I beg to ask leave to withdraw the amendment.

Amendment, by leave, withdrawn.

Question proposed, That the clause stand part of the Bill.

Sir Nicholas Lyell: I want to point out something that has come out in the course of our debate and really does need either explanation or further thinking through by the Government. May I say, without rancour, that I strongly object to any suggestion that this careful scrutiny is intended to string out our proceedings. It is not. These penalty notices are very sensible in many ways, but unless they are done fairly they are a significant infringement on the liberty of the subject, and it is important to get them right. There will probably be tranches of the Bill in which we will have fewer points to raise—I hope that that will be the case—but these are important matters.

I found what the Parliamentary Secretary said pretty astonishing, and I would like a proper explanation. If I have understood him correctly, he said that penalty notices and warning notices will normally be given together. I totally see that that might happen if one goes back to the police station, because the officer in charge will be au fait with where the next opportunity for trial is likely to be, and the system will work perfectly well. We are legislating for circumstances in which police officers will go out equipped with a pocketbook that enables them to issue a penalty notice then and there. The notion that those pocketbooks can be prepared in a way that indicates the date and place of trial seems to be much less practical. If the system is to work in those circumstances, it makes sense that the penalty notice should be issued, the citizen should respond by saying that he wishes to be tried, and the warning notice should then be issued, sensibly constituting the equivalent of a summons under the magistrates court.

So far, fair and good, but the way in which the clause is structured suggests that someone who has been given a warning notice—albeit he has already been given a penalty notice and said that he wants to be tried—must make another request to be tried, or at least that, if the warning notice is to be treated as a properly served summons, he must make that request, because subsection (3), which enables the warning notice to be treated as a properly served summons, applies only where a person who has been given a warning notice makes the request. It does not say, ``has made a request to be tried.'' Some thought needs to be given to that, both for good drafting purposes and for the protection of the citizen.

Mr. Simon Hughes (Southwark, North and Bermondsey): I have one point to raise about the generality of the process of going from a fixed penalty notice to a magistrates court. I shall use the example that I heard reported on the radio last week, because that is all the information that I have. It relates to the issue of the proximity of the magistrates court to the place where the fixed penalty notice arises. I heard on the radio that a court commended someone in north Wales, because he had walked from somewhere in Snowdonia to Dolgellau magistrates court—a distance of about 50 miles. He managed to hitch a lift for some of the way and walked the rest. He was due to be at court at 10 am, but arrived at 4 pm, just before it closed. The magistrates were so impressed that the man had made such an effort to get there that they disposed of the case much more generously than they might otherwise have done.

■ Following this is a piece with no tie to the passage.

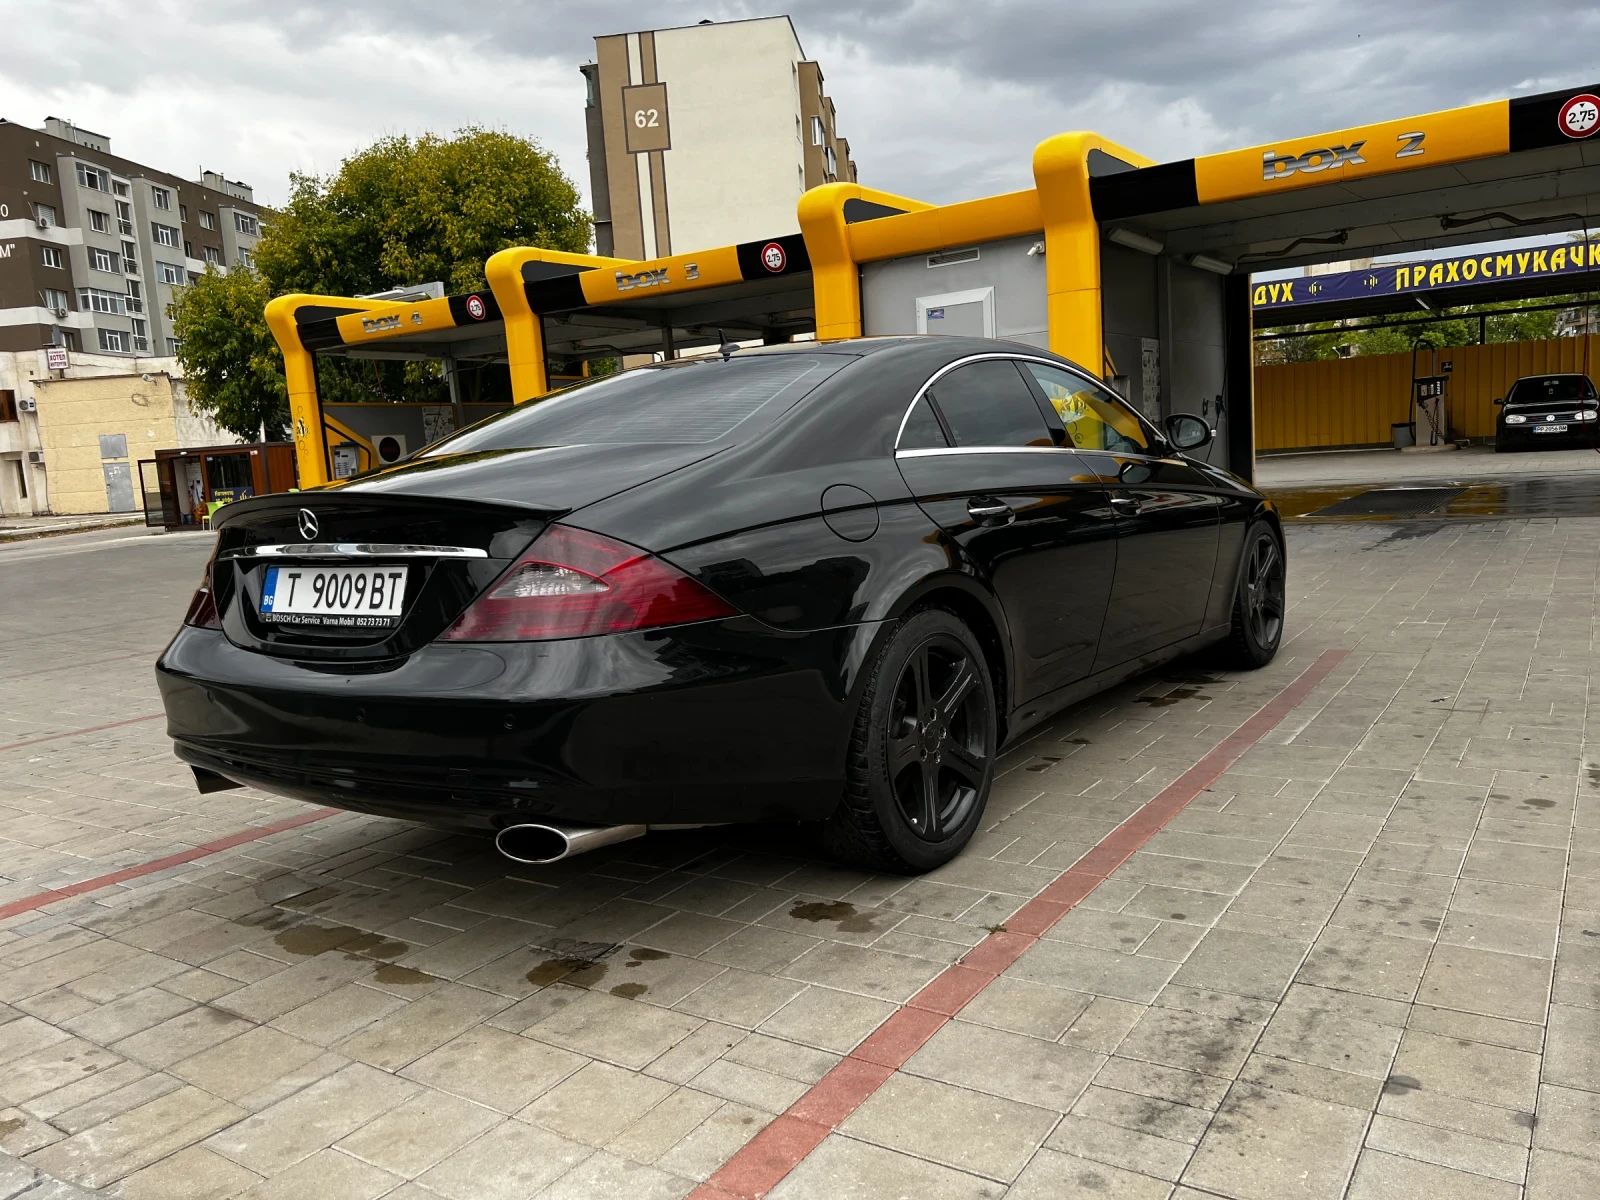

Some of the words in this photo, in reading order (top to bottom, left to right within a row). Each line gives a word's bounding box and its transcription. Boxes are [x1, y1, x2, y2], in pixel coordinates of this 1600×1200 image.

He then walked home again, arriving at about midnight.

That is an example of one case, but there is an issue about the need to ensure that a magistrates court in rural Britain that deals with fixed penalty notices is somewhere accessible. People may choose to go for trial, or the process may take them into trial mode, which we discussed at some length the other day. I should like the Parliamentary Secretary to reassure me that the normal rule about the nearest magistrates court applies. That is not a problem in urban areas, but is much more significant in rural areas, particularly with the gradual closure of courts in many rural towns and large villages, and the centralisation of the magistrates courts system. Do the Government have a policy on the maximum distance that anyone should be from a magistrates court?

Mr. Hawkins: I, too, recall very well the case mentioned by the hon. Gentleman, and I entirely agree with him. He may not be aware that both the hon. Member for Ceredigion (Mr. Thomas), a Plaid Cymru Member, and I raised it with the Parliamentary Secretary during Lord Chancellor's Department questions. The significant fact is that the court in Lampeter had just been closed, which led to the need for that ludicrous journey.

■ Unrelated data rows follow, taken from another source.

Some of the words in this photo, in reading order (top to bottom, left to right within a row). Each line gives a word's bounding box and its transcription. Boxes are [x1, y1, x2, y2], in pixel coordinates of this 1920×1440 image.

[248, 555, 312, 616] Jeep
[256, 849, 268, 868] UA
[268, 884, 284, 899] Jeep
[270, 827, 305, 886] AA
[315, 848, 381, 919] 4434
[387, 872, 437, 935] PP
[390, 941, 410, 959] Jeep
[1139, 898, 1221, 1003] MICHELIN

Mr. Hughes: That is helpful. I was not present at Lord Chancellor's questions when the case was raised. When I heard about it on the radio, it reminded me of the story of Mary Jones and her Bible, which featured in a book that I was given at Sunday school. Again, in north Wales, a similar long journey was made to ensure that people received the first version of the Bible in Welsh.

Will the Parliamentary Secretary guarantee that a case will go to the nearest court and that it will be both within a maximum distance and accessible by public and other forms of transport. Some people will inevitably have low disposable incomes. They may not have free bus passes, and even if they do, there may be no public transport in the area. We must have a realistic system, under which the entitlement to claim the right to trial is something of which people can avail themselves, rather than something impractical.

Mr. Heald: Does the hon. Gentleman agree with the point that I have been making? Normally, it is the magistrates who have the discretion to say that a summons can be served outside their petty sessional division. It looks as though, under clause 7(4), that is going to end if a warning notice is served, because such a summons is to be treated

    ``as properly issued on the information by a justice of the peace for the area for which the magistrates' court notified as the court of trial acts, requiring A to appear before that court to answer to that information''.

That suggests that the magistrate does not make that decision. It is all treated as having already happened, provided that the warning notice refers to the magistrates court mentioned in the warning notice.

10.45 am

Mr. Hughes: That is certainly my reading of subsection (4). The last issue, prompted by that, is the case where a series of fixed penalty notices might be given to a group of people involved in a common disorder, even though some of them may not come from the area. It would be logical for the trial to take place in the court for the area where the disorder occurred.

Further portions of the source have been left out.